HELP PLEASE! - random network issue with PCs going offline
I'm hoping someone here might be able to help me work this out. We have a HP Procurve network with a 5406 at the core and a mixture of procurve edge switches.
Last week PCs, at random, started going offline just for briefly (a couple of seconds), long enough for the PCs to lose contact with all the servers but then asking to be resynched so they could pickup their desktop items off the server again etc. Annoying at the best of times, but not great for those using software connected to the SQL box.
It is happening randomly across the entire site. It's not a whole switch at a time - I've observed it happen on my PC without affecting my colleagues PC even though we're connected to the same switch, and vice versa. There doesn't appear to be a set interval of when it happens or anything. Nothing untoward, as far as I can tell, showing up on the switches (using the switches gui).
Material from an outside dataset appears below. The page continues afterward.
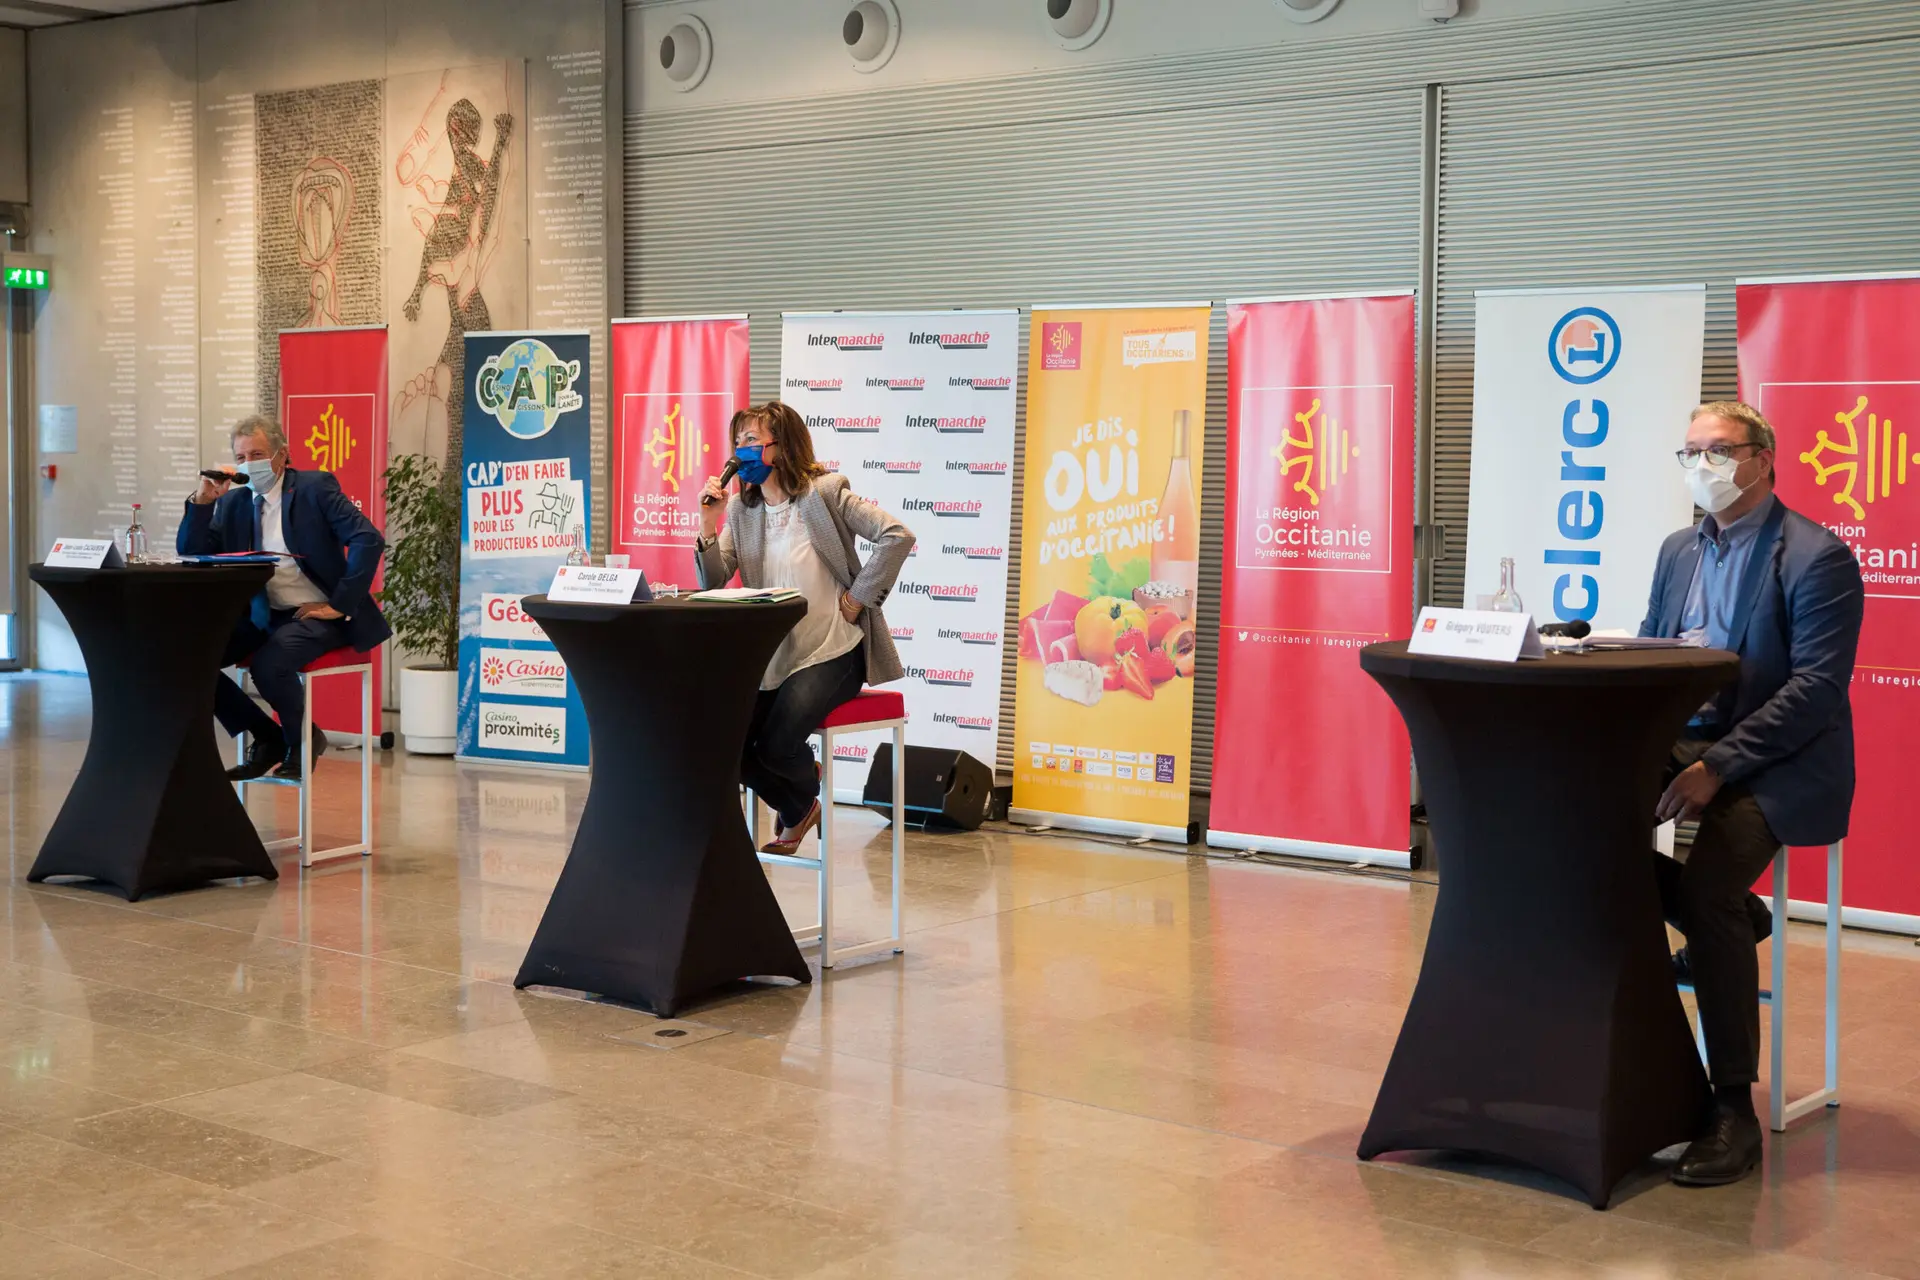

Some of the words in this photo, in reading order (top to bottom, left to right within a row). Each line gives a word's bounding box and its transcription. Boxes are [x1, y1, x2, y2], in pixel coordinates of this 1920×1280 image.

We have two VLANS one for our VOIP system and one for data. Spanning Tree is enabled.
Has anyone else had similar experiences or have any idea what could be causing it. We are struggling and as more people come back from their hols then we are going to see it more often just because more PCs will be in use.
Sounds like a broadcast storm of some sort. Look at the logs in the web interface of each switch they may potentially tell you of any issues, you may need to turn up the sensitivity of the error detection. Have a look at the logs from the command prompt on your switches especially the core switch, there will be more information in there than on the web interface. Get wireshark and start looking for anything that looks like it's making a lot of noise.
I've seen it happen before where a PC on the network had a dodgy NIC and whenever that was switched on it would cause all manner of weird connection drop-outs on the network. I'd also suggest the Wireshark route, see if anything is broadcasting ridiculous amounts.
I've run wireshark, and to be honest I'm not sure what I'm looking at, but the traffic looks fairly untoward - however I've only had my machine go offline once today and I didn't have wireshark running at the time...
Had a look at the logs on the core switch through the cli and there is nothing of note in there.
Will see what happens over the next couple of days as more people return.
Id check to see if this is a layer 1 issue, check your cabling between PC and Wall Sockets, and check from Wall Sockets back to the switches. If you have an Ethernet tester then test your cabling. Also - what about DHCP logs ? is your network dropping IP's briefly for some reason ?? Where are your IP's coming from ? Check lease times etc. Could it be a dodgy nic on your server which serves DHCP ?
When you say looses contact - does that mean the PC actually disconnects from the network or is it still connected but cannot talk ?
I note that a recent Windows Updates make substantial version jumps in the TCP/IP stack, a co-incidence worth exploring perhaps? Consider rolling back to a restore point prior to last round of windows updates.